*What the task requires*: Quote all of the data that follows exactly as written, skipping the images.

··········

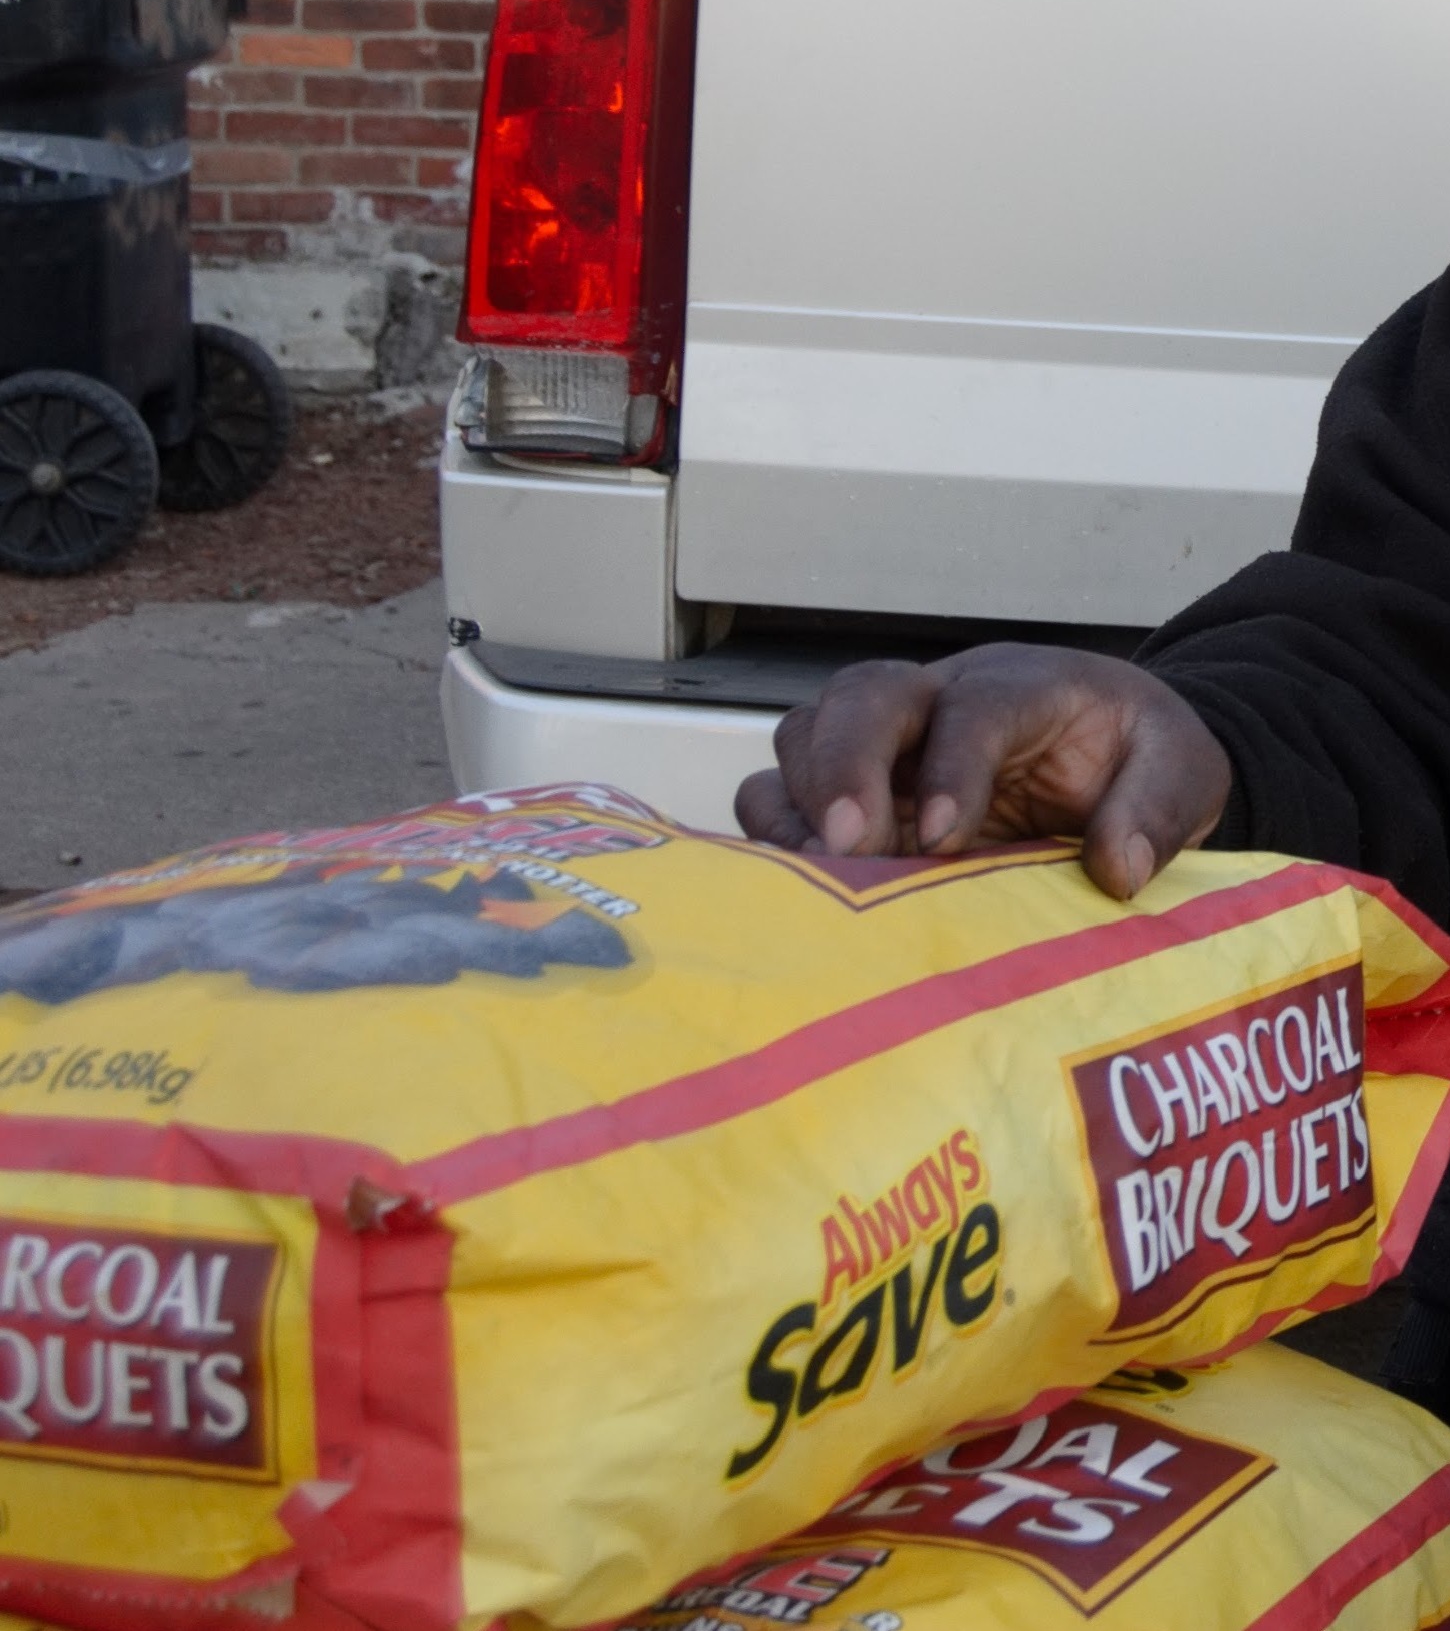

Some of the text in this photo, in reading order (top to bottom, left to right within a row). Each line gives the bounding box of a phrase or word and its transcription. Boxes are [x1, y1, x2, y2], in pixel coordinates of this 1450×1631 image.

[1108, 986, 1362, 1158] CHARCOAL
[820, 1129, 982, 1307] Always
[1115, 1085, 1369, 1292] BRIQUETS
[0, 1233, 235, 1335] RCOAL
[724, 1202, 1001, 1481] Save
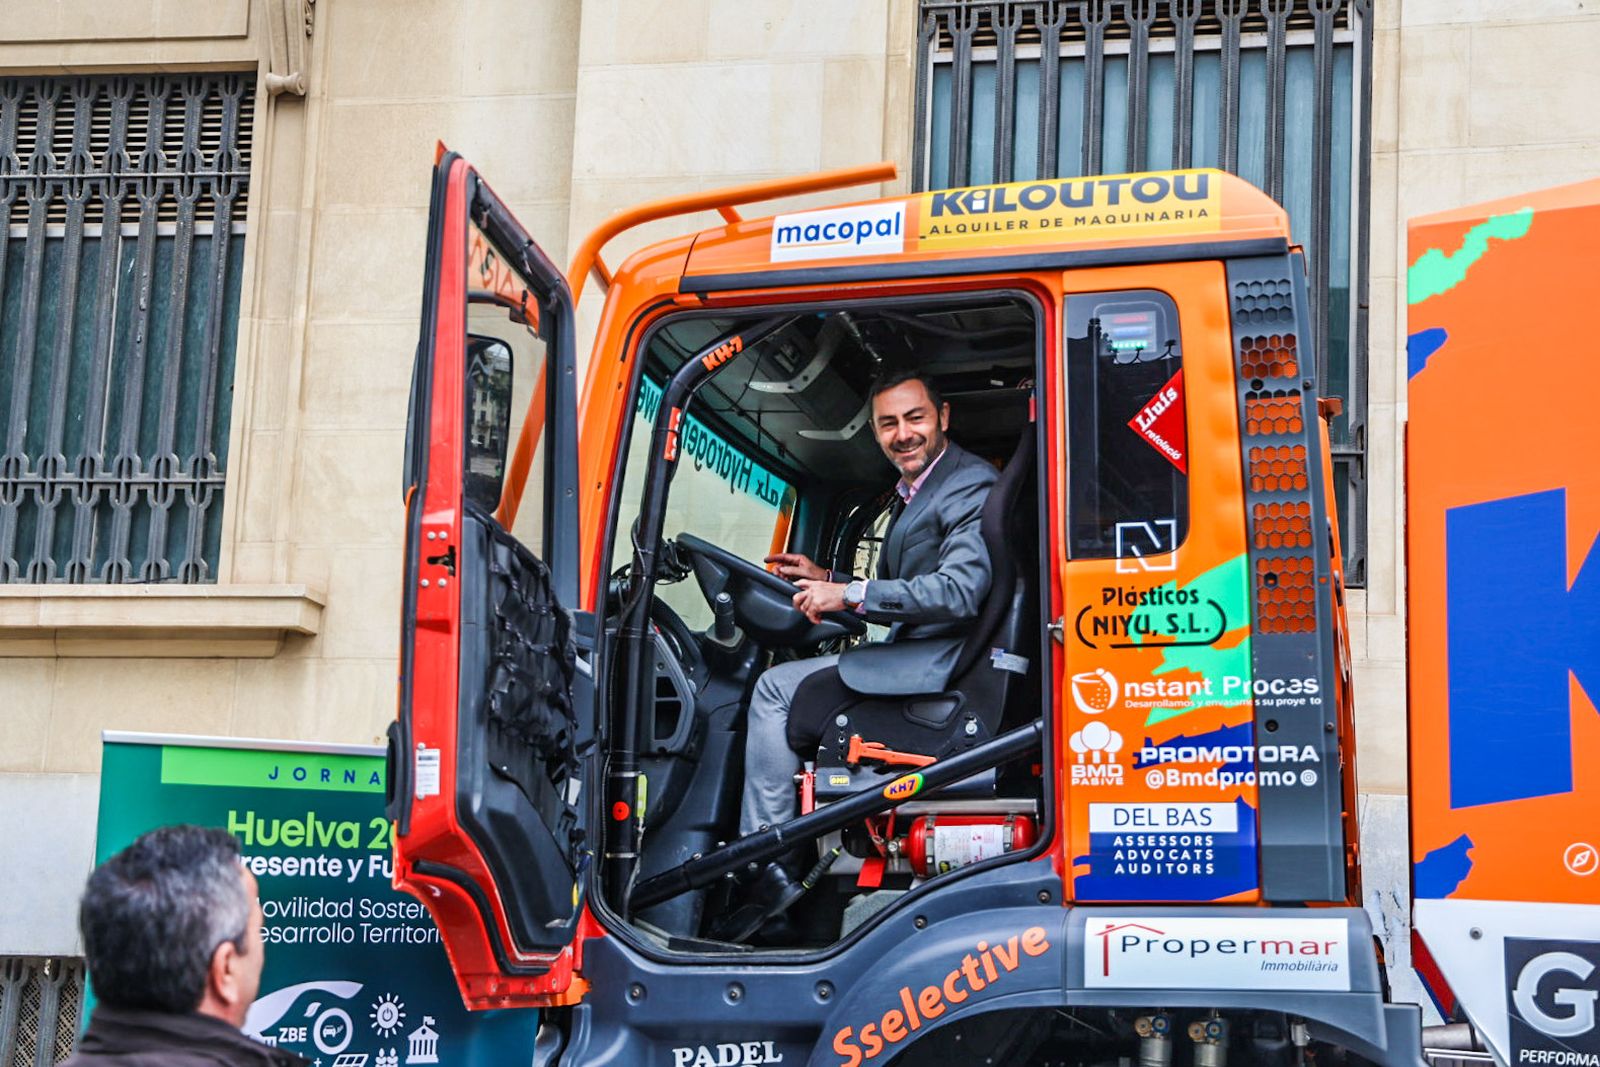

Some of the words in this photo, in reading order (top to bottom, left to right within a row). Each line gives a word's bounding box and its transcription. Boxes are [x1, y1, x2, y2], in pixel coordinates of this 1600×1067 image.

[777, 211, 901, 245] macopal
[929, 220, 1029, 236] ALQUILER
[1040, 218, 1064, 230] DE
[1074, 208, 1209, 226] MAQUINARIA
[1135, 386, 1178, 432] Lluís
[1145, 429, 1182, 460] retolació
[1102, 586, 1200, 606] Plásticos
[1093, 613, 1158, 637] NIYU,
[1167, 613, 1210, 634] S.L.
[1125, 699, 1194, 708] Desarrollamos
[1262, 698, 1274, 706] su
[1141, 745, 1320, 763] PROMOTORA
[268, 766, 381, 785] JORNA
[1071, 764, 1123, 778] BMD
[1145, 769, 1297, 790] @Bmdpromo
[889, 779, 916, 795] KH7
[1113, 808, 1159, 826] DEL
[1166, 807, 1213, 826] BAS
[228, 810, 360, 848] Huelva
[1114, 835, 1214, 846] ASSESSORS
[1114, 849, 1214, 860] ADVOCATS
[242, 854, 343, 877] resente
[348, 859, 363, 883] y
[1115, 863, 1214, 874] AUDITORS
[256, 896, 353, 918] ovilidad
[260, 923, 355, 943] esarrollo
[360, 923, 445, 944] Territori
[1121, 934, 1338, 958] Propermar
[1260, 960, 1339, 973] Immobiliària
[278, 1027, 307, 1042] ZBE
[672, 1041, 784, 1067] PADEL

··········

*Task output*:
Some of the text in this photo, in reading order (top to bottom, left to right within a row). Each line gives the bounding box of a phrase or word and its transcription. Boxes are [x1, y1, x2, y2], in pixel coordinates of this 1450×1631 image.

[1108, 986, 1362, 1158] CHARCOAL
[820, 1129, 982, 1307] Always
[1115, 1085, 1369, 1292] BRIQUETS
[0, 1233, 235, 1335] RCOAL
[724, 1202, 1001, 1481] Save

Some of the words in this photo, in reading order (top to bottom, left to right within a row). Each line gives a word's bounding box and its transcription. Boxes are [x1, y1, x2, y2], in pixel coordinates of this 1600×1067 image.

[777, 211, 901, 245] macopal
[929, 220, 1029, 236] ALQUILER
[1040, 218, 1064, 230] DE
[1074, 208, 1209, 226] MAQUINARIA
[1135, 386, 1178, 432] Lluís
[1145, 429, 1182, 460] retolació
[1102, 586, 1200, 606] Plásticos
[1093, 613, 1158, 637] NIYU,
[1167, 613, 1210, 634] S.L.
[1125, 699, 1194, 708] Desarrollamos
[1262, 698, 1274, 706] su
[1141, 745, 1320, 763] PROMOTORA
[268, 766, 381, 785] JORNA
[1071, 764, 1123, 778] BMD
[1145, 769, 1297, 790] @Bmdpromo
[889, 779, 916, 795] KH7
[1113, 808, 1159, 826] DEL
[1166, 807, 1213, 826] BAS
[228, 810, 360, 848] Huelva
[1114, 835, 1214, 846] ASSESSORS
[1114, 849, 1214, 860] ADVOCATS
[242, 854, 343, 877] resente
[348, 859, 363, 883] y
[1115, 863, 1214, 874] AUDITORS
[256, 896, 353, 918] ovilidad
[260, 923, 355, 943] esarrollo
[360, 923, 445, 944] Territori
[1121, 934, 1338, 958] Propermar
[1260, 960, 1339, 973] Immobiliària
[278, 1027, 307, 1042] ZBE
[672, 1041, 784, 1067] PADEL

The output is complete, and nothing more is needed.